Macron hat einen ausserordentlichen Hass auf die ärmsten der Gesellschaft, auf die Arbeitslosen. Auf die, die der Staat vorsätzlich demütigt, indem er ihnen keine Arbeit gibt.
Der unten stehende Satz stamm von ihm, als er noch Arbeitsminister war (Quelle:http://www.humanite.fr/nouvelle-offensive-demmanuel-macron-lattention-des-chomeurs-566259):

"Si j’étais chômeur, je n’attendrais pas tout de l’autre, j’essaierais de me battre d’abord"

"Wenn ich arbeitslos wäre würde ich nichts von den anderen erwarten, ich würde mich selbst durchschlagen".

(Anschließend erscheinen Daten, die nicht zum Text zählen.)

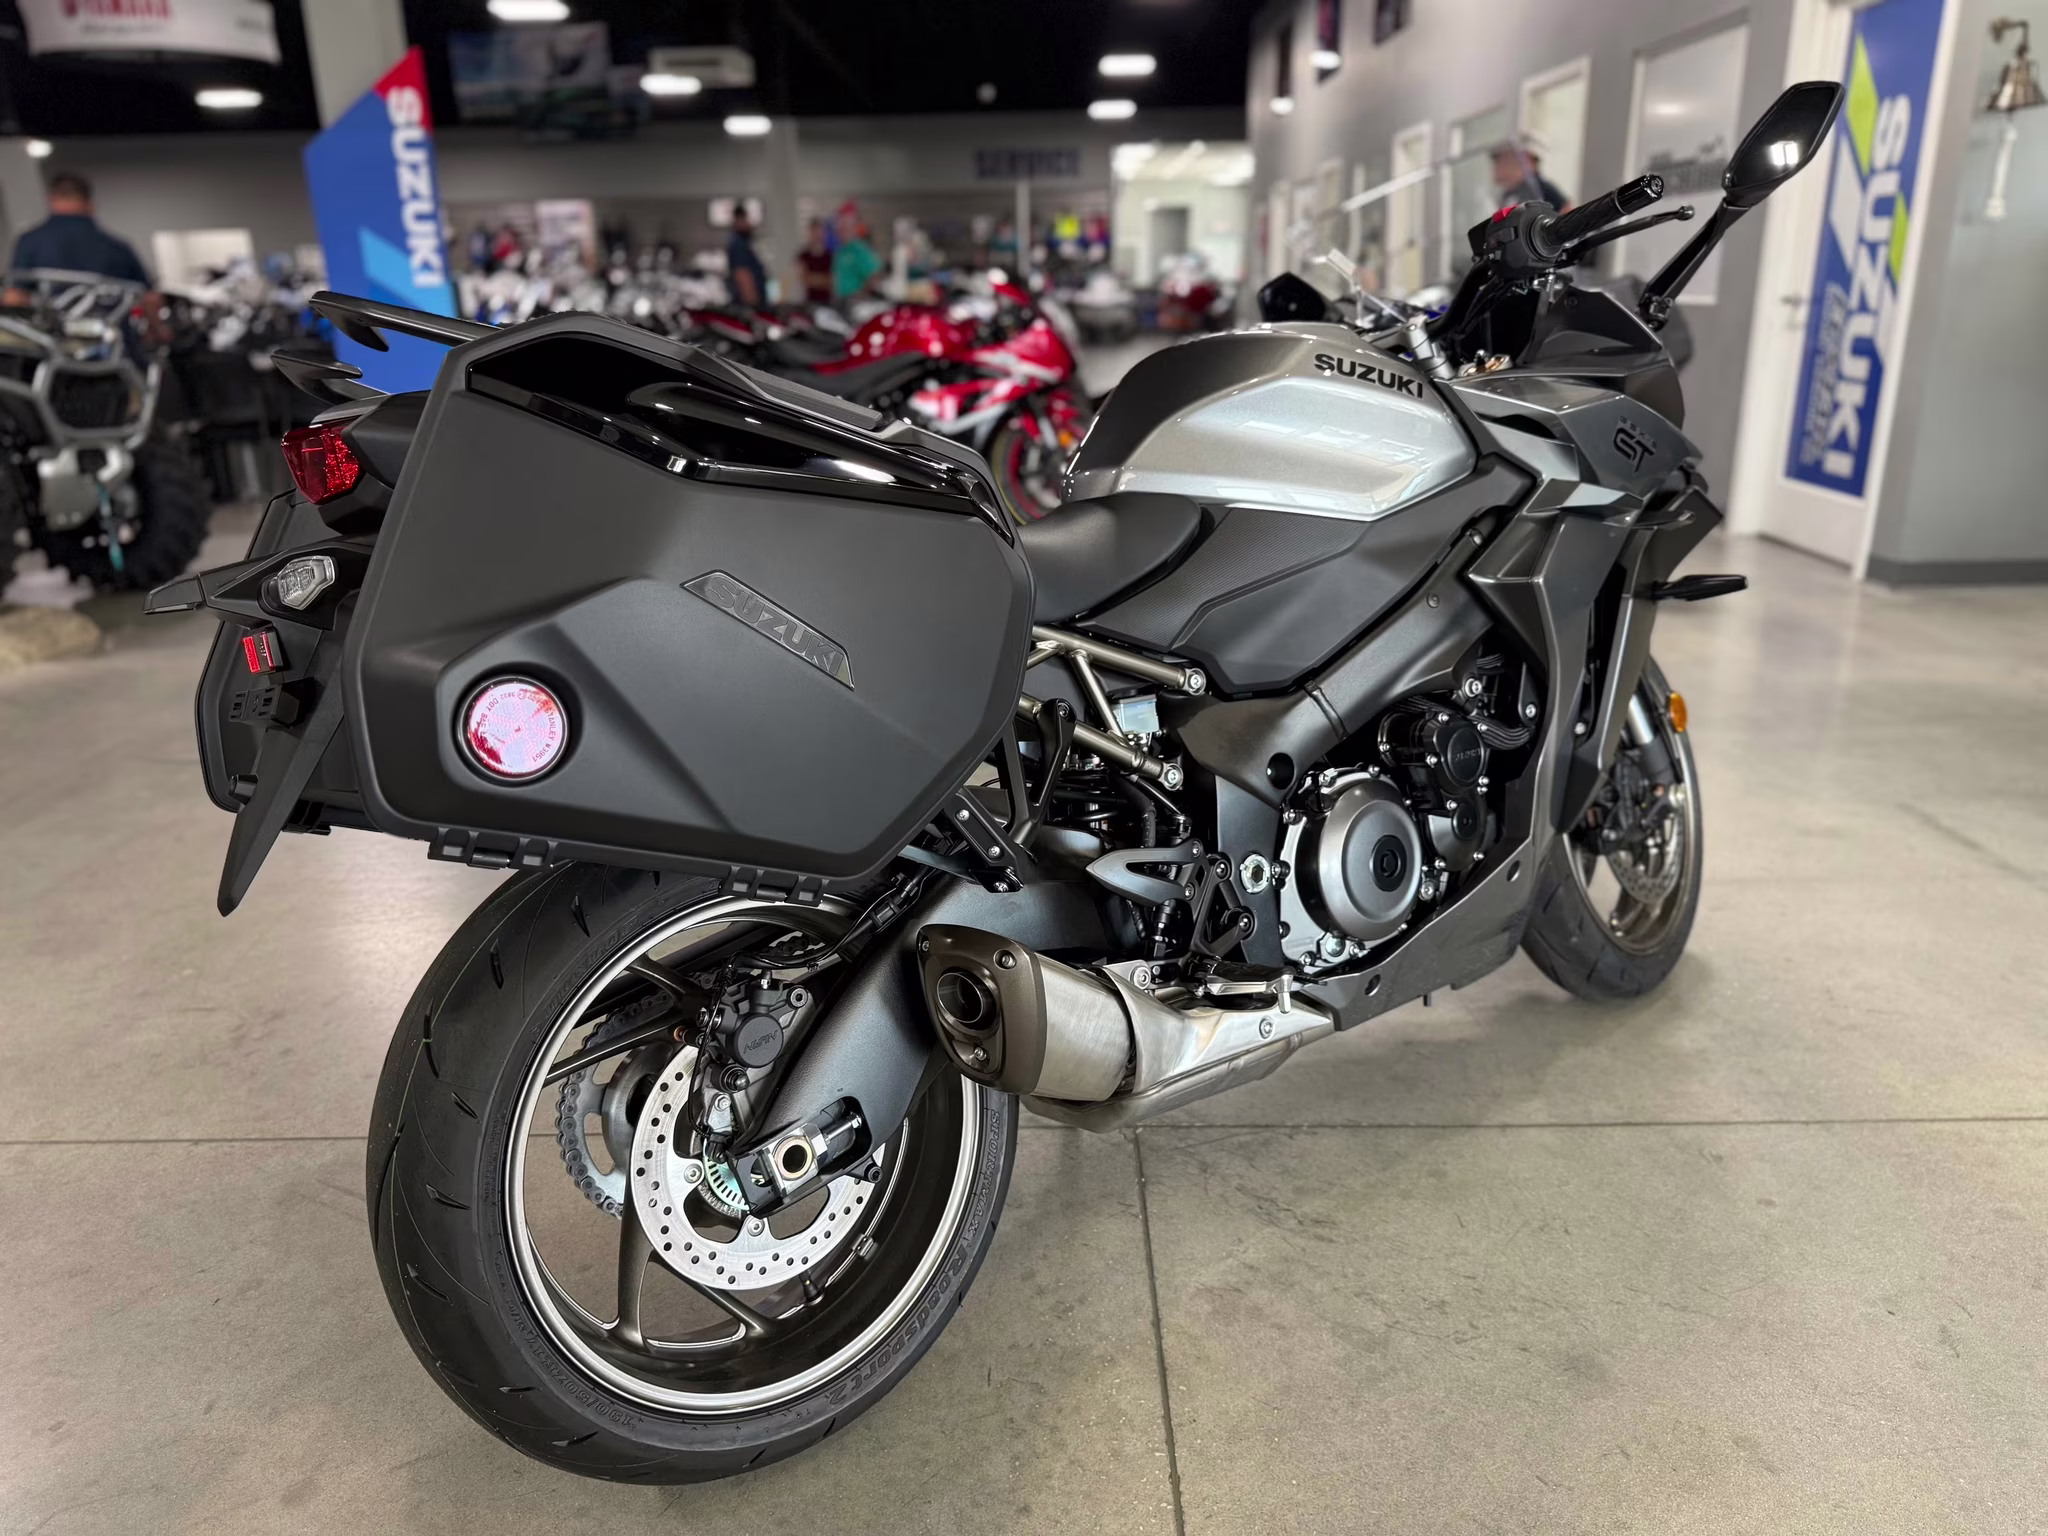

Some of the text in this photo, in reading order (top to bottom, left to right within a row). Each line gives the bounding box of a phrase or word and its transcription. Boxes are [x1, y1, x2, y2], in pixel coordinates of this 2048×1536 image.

Leider hat Macrönchen sich im Leben niemals durchschlagen müssen. Rothschild und Co. habe sich rührend um ihn gekümmert, solange er das tat, was sie wollten.

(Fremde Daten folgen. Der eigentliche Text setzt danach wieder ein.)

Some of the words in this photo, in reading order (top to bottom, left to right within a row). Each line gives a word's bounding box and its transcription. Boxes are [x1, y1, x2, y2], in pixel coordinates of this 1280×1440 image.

Ein A......., das ist Macron. Millionen von Menschen in der EU haben keine Arbeit obwohl diese hoch qualifiziert sind! Aber er wird von seinen Leuten unterstützt, die genauso wie er fleischgewordene Teufel sind.

Gravatar: Hans Georg

Ein Kerlchen, dass als 15-jaehriger altersgemaess seiner Mama beigeschlafen hat ( Oedipus laesst gruessen (!) die dann spaeter seine - nun ja, Ehefrau wurde) der sucht staendig Schutz und Halt bei anderen, der wird nie reif und erwachsen, wird nie Verantwortlich werden wollen, der guckt immer hoch: ist das richtig so Mama? Und so sieht er auch aus.

Und den wollen die Franzosen? Und sage mir keiner er haette sich ja in all den Jahren von der viel aelteren Dame emanzipieren koennen. Wie denn, wenn er es nie alleine in der Welt versuchte und sich nie von der Mama loeste? Und sage keiner,das sei privat. Das zeigt jede Menge ueber seine innere Verfassung. Und so einen soll man waehlen?

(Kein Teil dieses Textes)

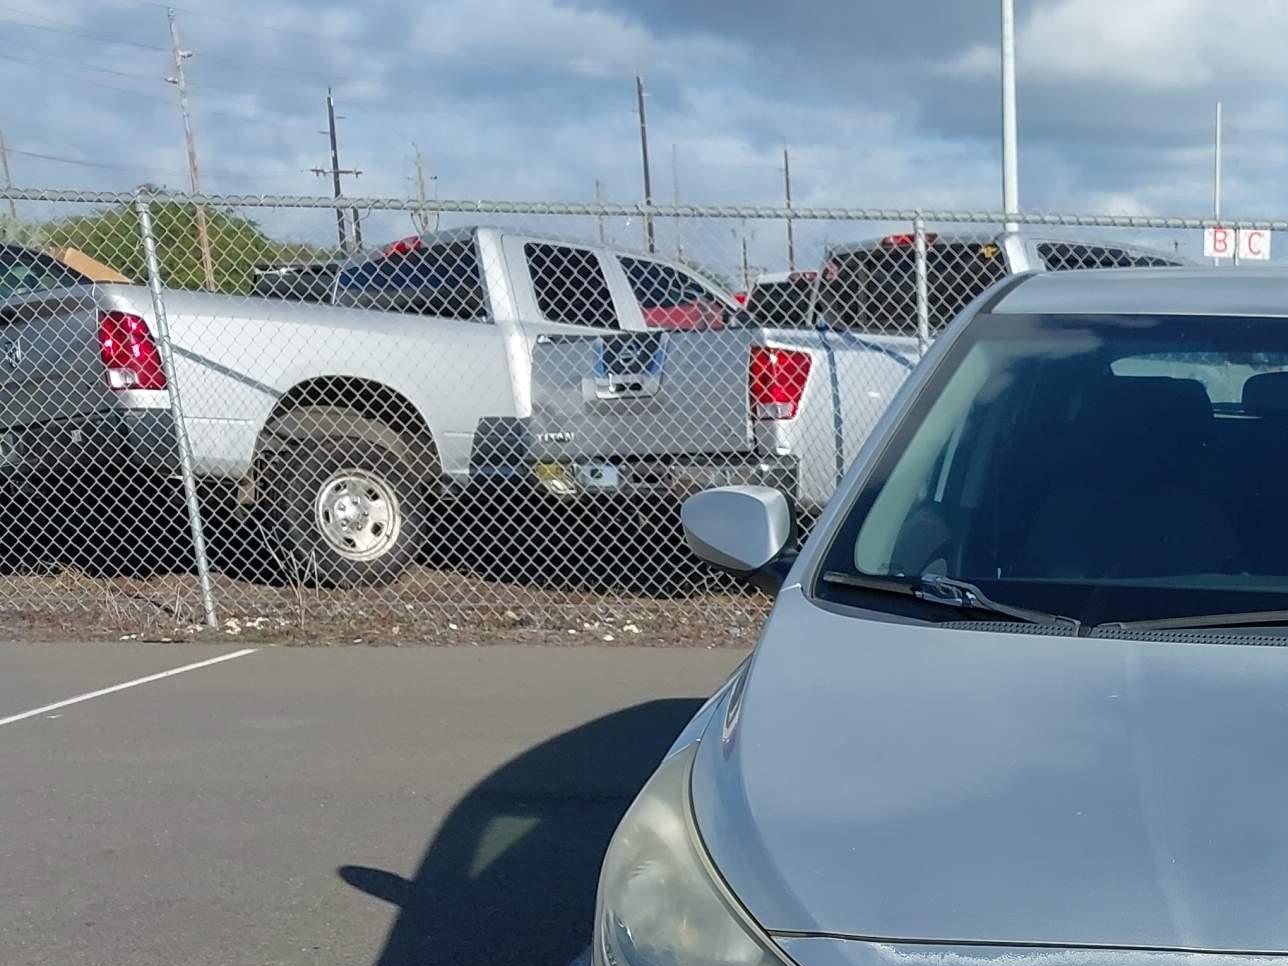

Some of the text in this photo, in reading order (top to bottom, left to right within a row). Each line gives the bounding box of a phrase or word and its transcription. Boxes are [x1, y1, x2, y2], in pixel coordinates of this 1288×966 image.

[1213, 228, 1228, 252] B
[1248, 231, 1262, 255] C
[536, 431, 574, 441] TITAN

Im uebrigen, waere die Dame ein Mann gewesen, ein Lehrer, und das Juengelchen ein Maedchen, dann waere es Phaedophilie gewesen.

Aber man ist ja modern.....

Gravatar: HAJO

Allein die Tatsache, daß er mittlerweile aus fast allen Richtungen unterstützt wird ist Grund genug, die Sache mit äußester Vorsicht zu betrachten, denn der Gekürte selbst scheint mittlerweile durch die ungerechtfertigte Aufmerksamkeit seine eigene Wertigkeit zu überschätzen und wenn man noch seine private Biographie hinzuzieht, dann könnten viele Entscheidungen nicht nur triebgesteuert sein, sondern auch vieles andere durch merkwürdige Zufälligkeiten entstanden sein und wer dann in diesem Alter keinen festen inneren Kompaß besitzt, der könnte leicht zum willfährigem Opfer verschiedener Interessen werden und das wäre für den Betroffenen, aber noch viel mehr für ein ganzes Volk schädlich.

Gravatar: Lupo

Der Deutsche heilige Martin in Frankreich - viel gesagt aber doch nur hohle Phrasen.

Gravatar: H.Roth

Das ist also der Strohhalm des EU-Establishments! Und uns erklärt man, dass er eine solide Eiche ist, dem kein Sturm schaden kann!
Alle Franzosen die sich von solchen Vorgaben blenden lassen, werden in den nächsten Jahren die Verantwortung für ihre Wahl tragen. C'est la vie!